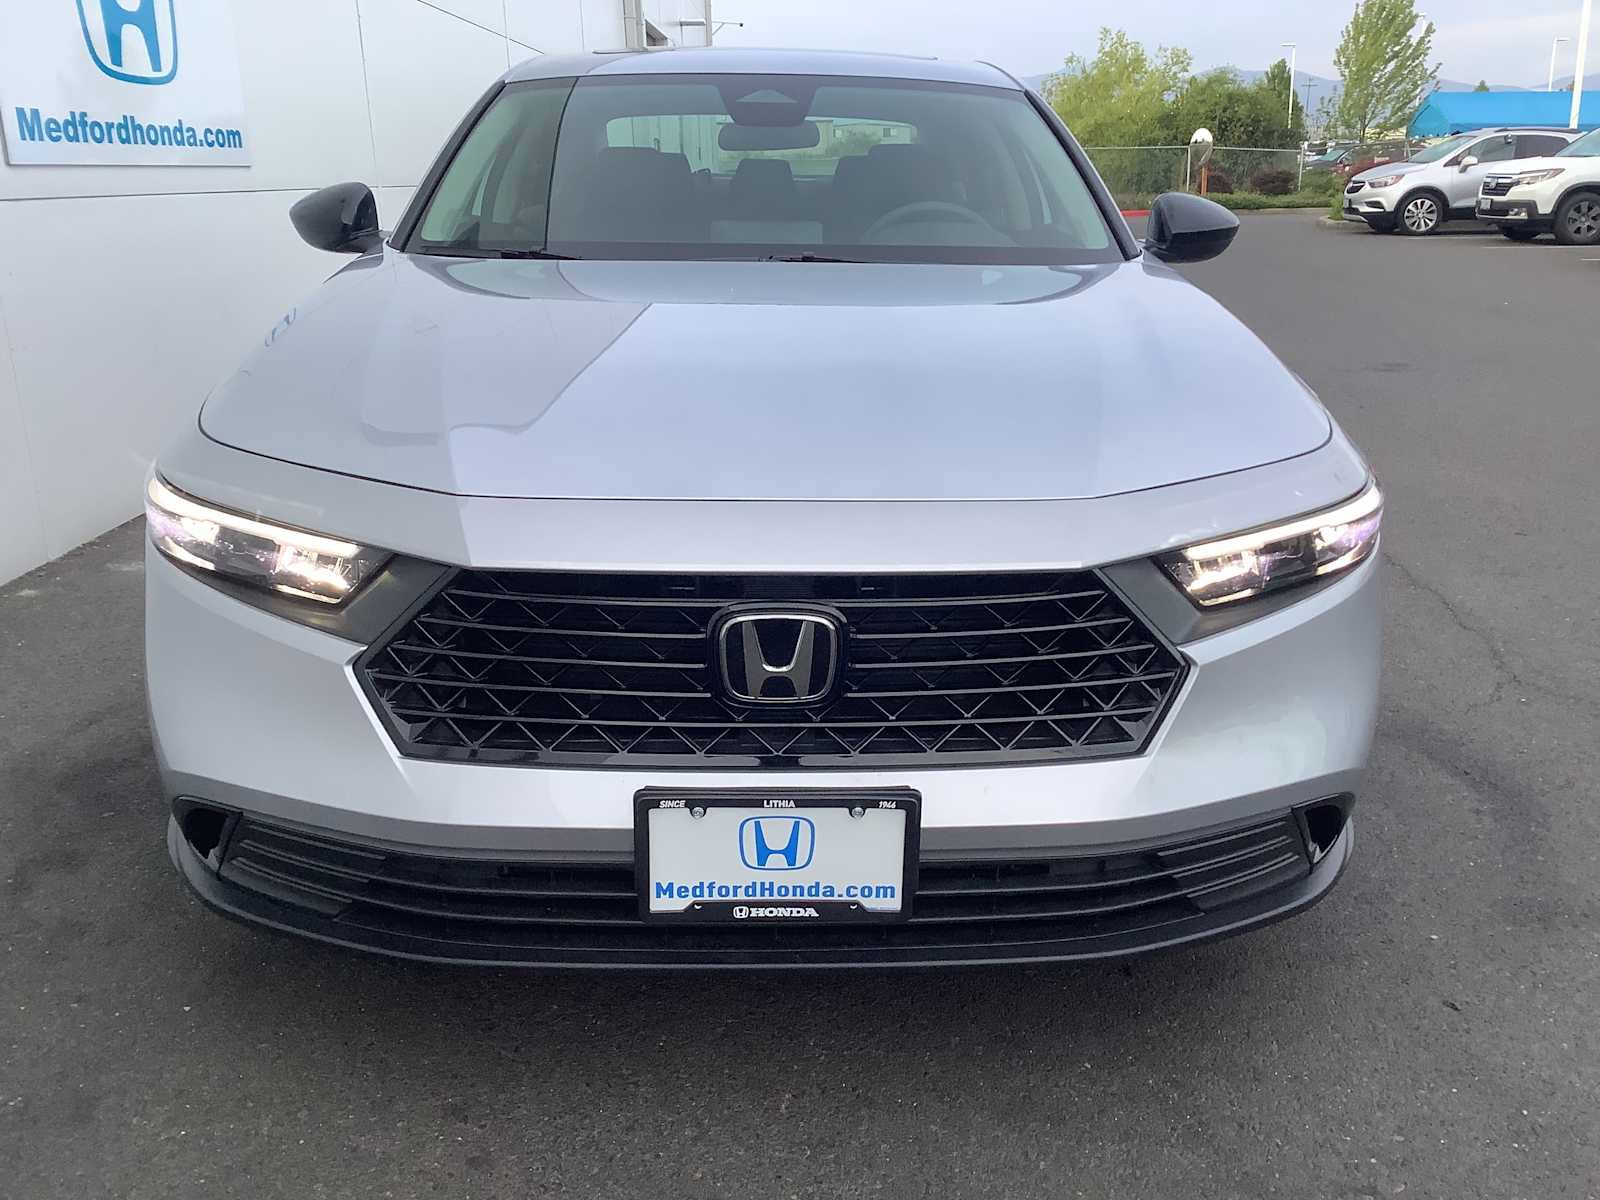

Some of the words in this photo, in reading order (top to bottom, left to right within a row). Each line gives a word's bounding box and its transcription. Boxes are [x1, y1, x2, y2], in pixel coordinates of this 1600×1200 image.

[15, 106, 243, 149] Medfordhonda.com
[659, 800, 686, 808] SINCE
[763, 800, 796, 808] LITHIA
[655, 881, 896, 898] MedfordHonda.com
[750, 907, 819, 918] HONDA
# # # # #
• Task item: Would you write each entry out again exactly, omitting the images?

• Result for this task:
Some of the words in this photo, in reading order (top to bottom, left to right within a row). Each line gives a word's bounding box and its transcription. Boxes are [x1, y1, x2, y2], in pixel coordinates of this 1600×1200 image.

[15, 106, 243, 149] Medfordhonda.com
[659, 800, 686, 808] SINCE
[763, 800, 796, 808] LITHIA
[655, 881, 896, 898] MedfordHonda.com
[750, 907, 819, 918] HONDA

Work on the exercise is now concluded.